England im Jahr 1909: Maurice beginnt sein Studium am altehrwürdigen College in Cambridge. Als er den smarten Clive kennenlernt, verliebt er sich Hals über Kopf in ihn. Die beiden jungen Männer geben sich ihren homoerotischen Schwärmereien hin. Auf Wunsch von Clive bleibt die Beziehung jedoch rein platonisch, da er sich vor gesellschaftlicher Ächtung fürchtet. Auch nach dem Studium halten die Freunde engen Kontakt. Dies ändert sich schlagartig, als ein gemeinsamer homosexueller Bekannter wegen Sittenverstoßes verhaftet und zu einer langjährigen Haftstrafe verurteilt wird. Aus Angst vor einem ähnlichen Schicksal distanziert sich Clive von Maurice und flüchtet sich in eine standesgemäße Heirat ...

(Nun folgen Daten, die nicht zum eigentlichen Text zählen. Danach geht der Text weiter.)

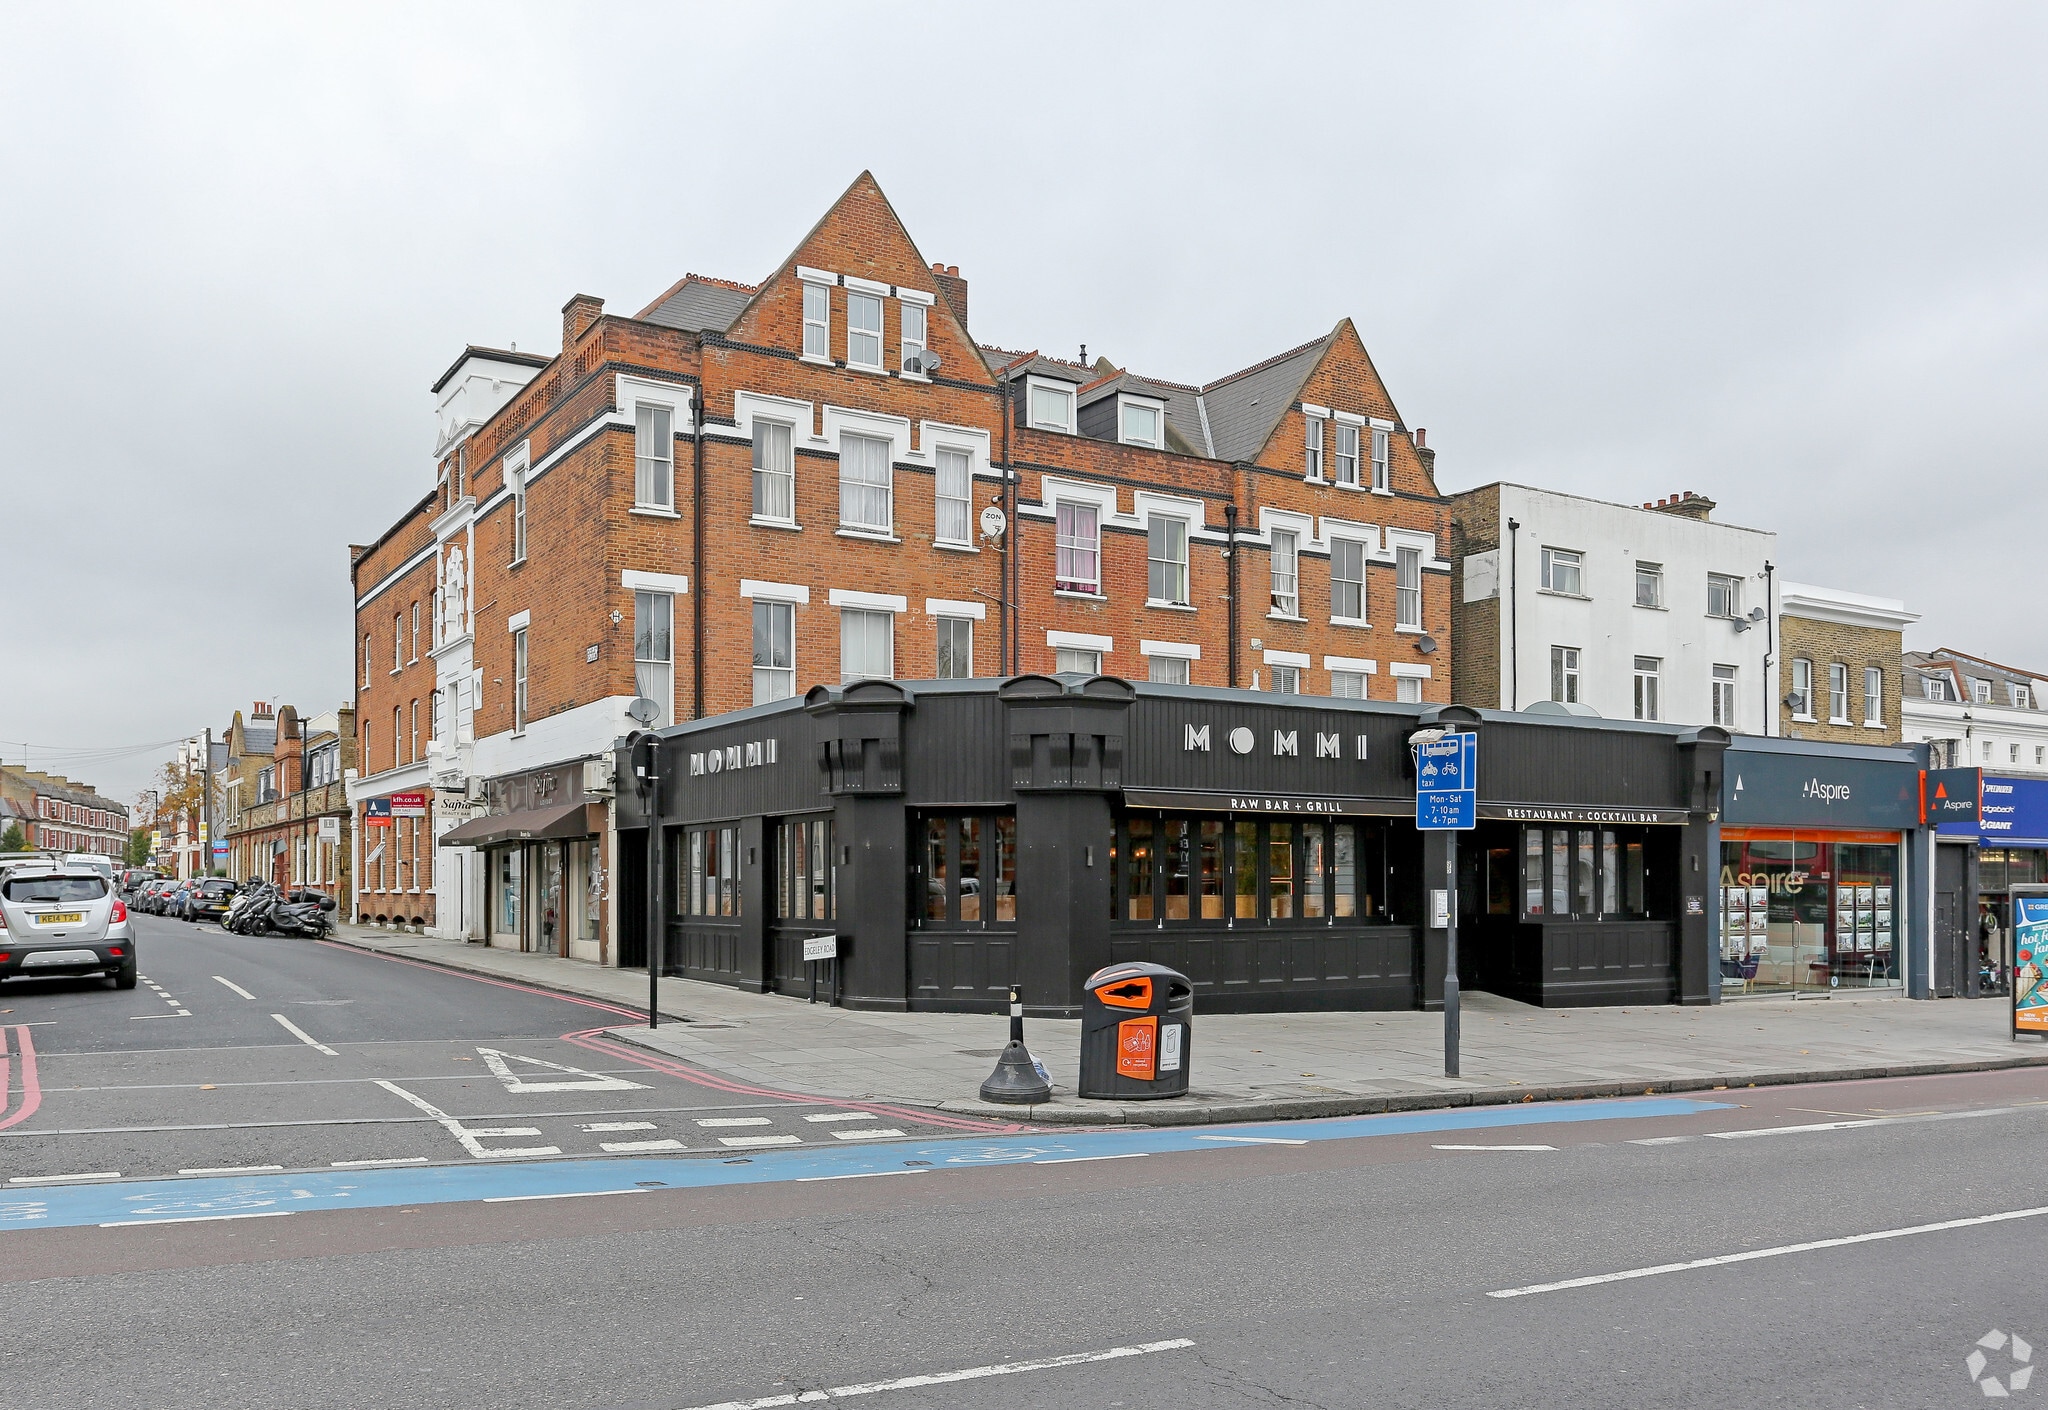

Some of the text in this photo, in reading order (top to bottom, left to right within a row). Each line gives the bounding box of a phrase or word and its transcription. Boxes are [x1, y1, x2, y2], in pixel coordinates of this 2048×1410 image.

[985, 512, 1001, 520] ZON
[1184, 723, 1368, 760] MOMMI
[690, 739, 777, 777] MOMMI
[1421, 779, 1434, 787] taxi
[1810, 778, 1850, 804] Aspire
[1429, 795, 1444, 803] Mon
[1449, 794, 1462, 803] Sat
[1231, 798, 1343, 812] RAW BAR + GRILL
[1943, 800, 1973, 811] Aspire
[1982, 805, 2015, 814] dgeback
[1507, 808, 1573, 820] RESTAURANT
[1587, 812, 1637, 822] COCKTAIL
[1640, 813, 1659, 823] BAR
[1986, 822, 2013, 830] GIANT
[1720, 865, 1804, 894] Aspire
[42, 913, 81, 922] KE14 TXJ
[2021, 933, 2039, 945] hot
[805, 944, 835, 955] EDGELEY ROAD
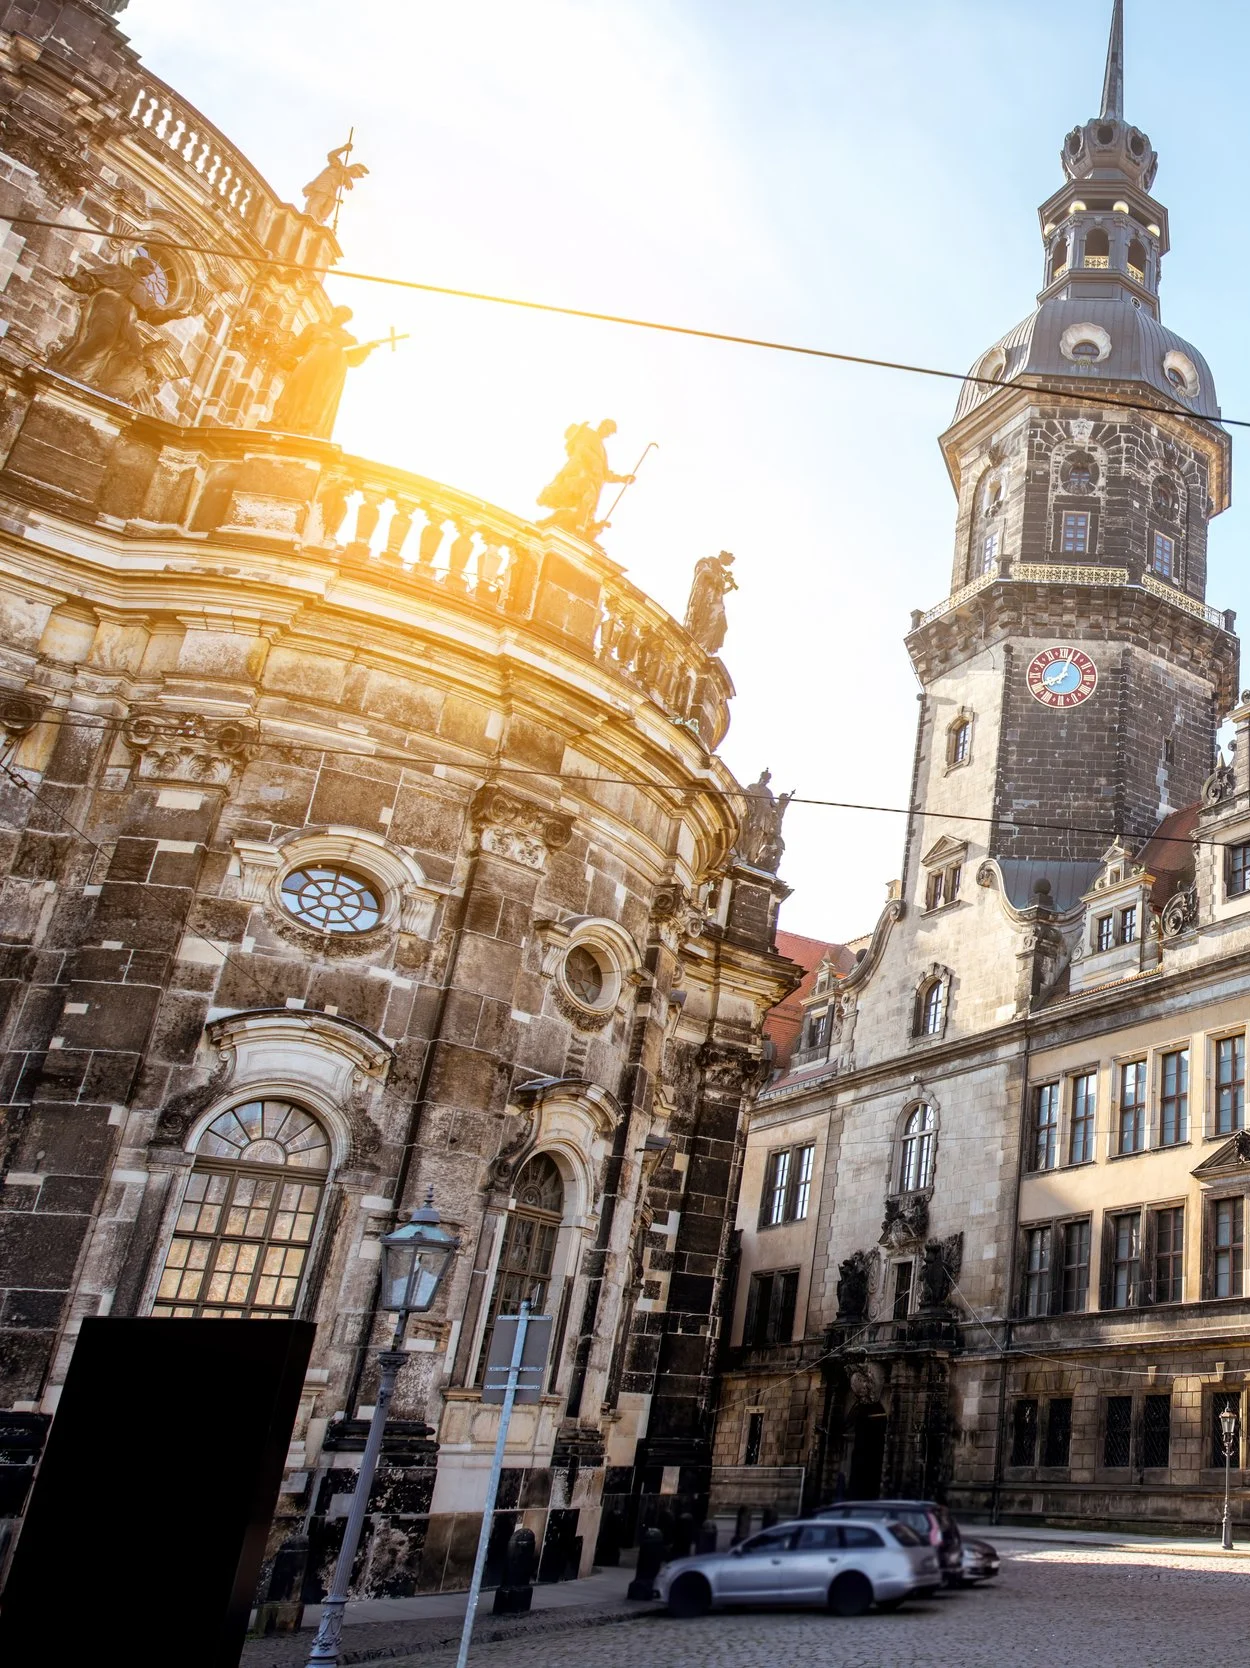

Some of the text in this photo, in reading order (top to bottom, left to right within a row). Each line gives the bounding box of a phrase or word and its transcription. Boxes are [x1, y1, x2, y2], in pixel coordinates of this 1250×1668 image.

Ein Jahr nach dem Erfolg von "Zimmer mit Aussicht" verfilmte James Ivory erneut einen Roman von Edward Morgan Forster und wurde dafür mit dem Silbernen Löwen der Filmfestspiele von Venedig ausgezeichnet. Die Thematik von "Maurice" ist brisant: Die Geschichte der Selbstfindung eines jungen homosexuellen Mannes in einer Zeit, in der Homosexualität als Sittenwidrigkeit geahndet wurde, hat stark autobiografische Züge. Nicht ohne Grund hielt Forster den in den Jahren 1913 bis 1914 geschriebenen Roman ein halbes Jahrhundert vor der Öffentlichkeit geheim und verfügte dessen posthume Veröffentlichung. Er widmete das Buch "einer glücklicheren Zeit". Die ausführlichen Beschreibungen der Gefühle und Gedanken des Romanhelden Maurice zeugen von der persönlichen Betroffenheit des Autors. Hervorragend sind auch die beiden Hauptdarsteller Hugh Grant und James Wilby, die in Venedig jeweils als beste Schauspieler gekürt wurden.